Organization Wishes and Happy Writing Dreams
Shhh! Come here. A little closer. Can I be honest?
The school year is winding down and I’m sadly recognizing the gap between the writing teacher I want to be and the reality of the writing teacher I currently am. The more I read and discover, the more I see I need to tweak, shift, or overhaul completely. I can give you a whole laundry list of reasons why it’s hard to implement this work (truly- there are many reasons!) but in the end, I want to do better and dwelling on all the obstacles doesn’t get me any closer.
My OLW for 2018 is “Do.” It’s about action and taking the small step toward improvement instead of lamenting about the way things are. So here are some of my “organization wishes” and “happy writing dreams” (Channeling Lifestyles of the Rich and Famous: “Champagne wishes and caviar dreams”) for moving forward towards my goal of improvement:
- Create separate conferring toolkits for every genre I teach. I currently have one toolkit but I can fall behind on switching out the materials when we change genres. Having all my anchor chart samples, mentor texts, and materials at the ready will help me be better prepared for conferring. Helpful resources on this topic: Conferring Toolkits Blog Series, A Writing Teacher’s Summer Project, and ICYMI: The EdCollab Gathering.

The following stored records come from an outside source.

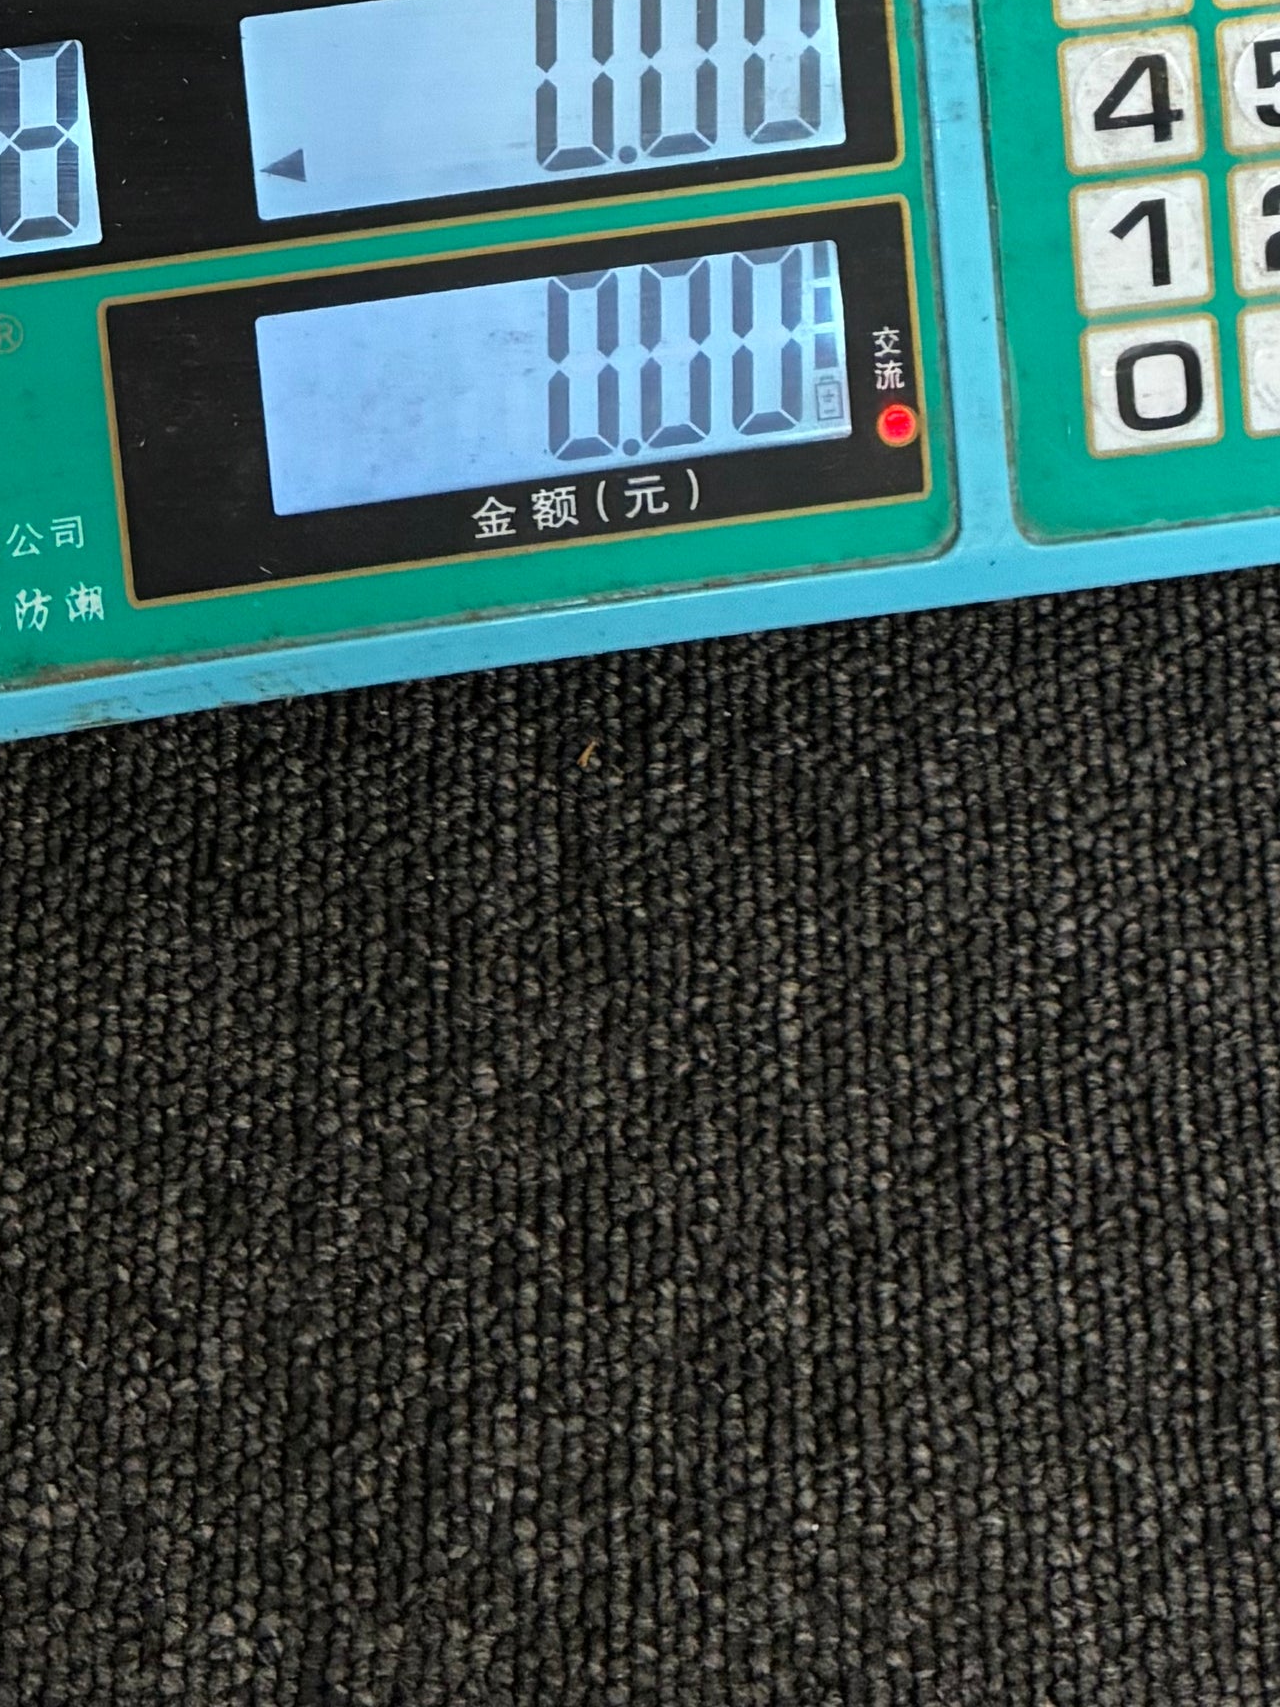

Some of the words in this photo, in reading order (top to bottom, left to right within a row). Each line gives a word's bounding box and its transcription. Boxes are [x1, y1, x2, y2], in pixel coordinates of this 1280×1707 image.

[1094, 54, 1184, 143] 4
[1109, 198, 1171, 287] 1
[546, 243, 803, 462] 0.00
[872, 325, 906, 391] 交流
[1115, 339, 1203, 432] 0
[471, 468, 702, 541] 金额(元)

- Update my anchor chart interactive notebook which I can use for minilessons and strategy lessons. Have this tool all set to go for next year. Helpful resources on this topic:Posts by Melanie Meehan (especially A Peek Into My Evolving Chart Notebook) and DIY Literacy videos with Kate and Maggie Roberts
- Organize my mentor texts and reread Craft Moves by Stacey Shubitz to be more intentional about how I share mentor texts and craft moves in different units of study. Helpful resources on this topic: Mining Mentor Texts for Craft Moves, How to Choose and Mine Mentor Texts for Craft Moves, 10 Topic Choice Mentor Texts , and Curating Mentor Text Collections.
- Create an easily accessible writing center- organized and fully-stocked with materials students need to feel inspired to write. My current center can use a makeover. Helpful resources on this topic: Back to Basics: Writing Centers, Writing Centers to Organize All Your Materials, and Creating Classroom Environments: Paper Choices.

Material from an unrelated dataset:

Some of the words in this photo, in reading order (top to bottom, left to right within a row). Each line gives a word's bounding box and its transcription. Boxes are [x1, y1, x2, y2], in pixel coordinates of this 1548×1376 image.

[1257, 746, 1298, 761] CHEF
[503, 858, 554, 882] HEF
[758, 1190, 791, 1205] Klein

- Do a better job of facilitating writing partnerships and writing groups. Helpful resources on this topic: Writing Partners: Authentic Purposes for Writing, Intentional Talk with Writing Partners, Setting Up Writing Partnerships, Setting Up Writing Partnerships for Success, and Top Five Lessons to Teach to Writing Partners Right Now.

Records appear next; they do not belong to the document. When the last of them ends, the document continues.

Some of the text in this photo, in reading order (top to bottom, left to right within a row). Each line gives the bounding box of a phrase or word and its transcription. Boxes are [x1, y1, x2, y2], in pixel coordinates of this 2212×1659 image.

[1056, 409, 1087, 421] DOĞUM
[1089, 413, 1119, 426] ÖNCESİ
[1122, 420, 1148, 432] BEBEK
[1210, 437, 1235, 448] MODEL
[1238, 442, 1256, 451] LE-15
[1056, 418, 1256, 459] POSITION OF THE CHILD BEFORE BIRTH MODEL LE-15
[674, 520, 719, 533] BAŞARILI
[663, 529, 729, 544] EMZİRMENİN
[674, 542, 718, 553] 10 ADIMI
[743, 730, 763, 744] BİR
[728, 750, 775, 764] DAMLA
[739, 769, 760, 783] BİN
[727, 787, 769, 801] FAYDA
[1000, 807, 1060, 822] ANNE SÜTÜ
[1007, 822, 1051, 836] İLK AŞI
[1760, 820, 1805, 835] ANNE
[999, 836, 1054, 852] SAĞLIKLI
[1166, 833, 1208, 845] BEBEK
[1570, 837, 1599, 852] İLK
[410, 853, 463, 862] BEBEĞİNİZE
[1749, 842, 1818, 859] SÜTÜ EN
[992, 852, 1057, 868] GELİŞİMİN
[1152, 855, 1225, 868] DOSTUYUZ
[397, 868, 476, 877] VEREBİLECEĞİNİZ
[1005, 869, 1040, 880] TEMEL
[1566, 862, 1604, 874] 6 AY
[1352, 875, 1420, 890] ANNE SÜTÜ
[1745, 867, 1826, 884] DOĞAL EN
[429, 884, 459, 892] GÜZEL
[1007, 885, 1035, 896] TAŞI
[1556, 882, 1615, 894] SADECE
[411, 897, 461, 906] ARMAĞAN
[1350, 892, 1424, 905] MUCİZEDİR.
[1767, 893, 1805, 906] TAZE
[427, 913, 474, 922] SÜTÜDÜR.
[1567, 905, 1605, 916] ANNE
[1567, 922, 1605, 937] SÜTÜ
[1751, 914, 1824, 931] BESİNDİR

- Communicate more effectively and consistently with parents about the writing we are working on in school and how they can support their child at home. Helpful resources on this topic: Helping Parents Understand Writing Workshop, Helping Parents See Progress Through the Process, Ways to Involve Caregivers: Homework and the Writing Workshop, and Reflecting and Raising Clarity: Parent Communication.
- Keep a list of running questions about students I struggle to teach: How can I help students who write in ways that isn’t grammatically correct? How can I help students who consistently avoid correct capitalization? While I never want my first words to them about their writing to be about conventions, I worry that they are not fixing these mistakes as they continue writing during the year. How do I help kids internalize these rules? Helpful resources on this topic: Patterns of Power: Inviting Young Writers into the Conventions of Language, Conventions and Presentation: Solving Predictable Problems, Micro-Workshop: Making Time for Conventions and Grammar, and Five Grammar Lessons.
It’s a little embarrassing to share this list with you. I would love for you to think I have it all together, with perfectly planned minilessons, artfully prepped in my chart notebook, the just-right mentor text at the ready at any given moment, my conferring notes full of rich description, wise observations and insightful next steps. Alas, the truth is I’m not yet close to the writing teacher of my dreams. But I’m among friends, right? And we’ve got to keep it real. Knowing where I fall short is half the battle! Knowing how I need to improve and the resources that will help me is the crucial first step to improving as a teacher of writing. On social media, we sometimes show our best selves but the truth is teaching is very challenging and difficult work. We do the best we can, and when we know better, we do better. I know better and I’m going to put energy and effort into improving!
What are some of your “organization wishes and happy writing dreams?”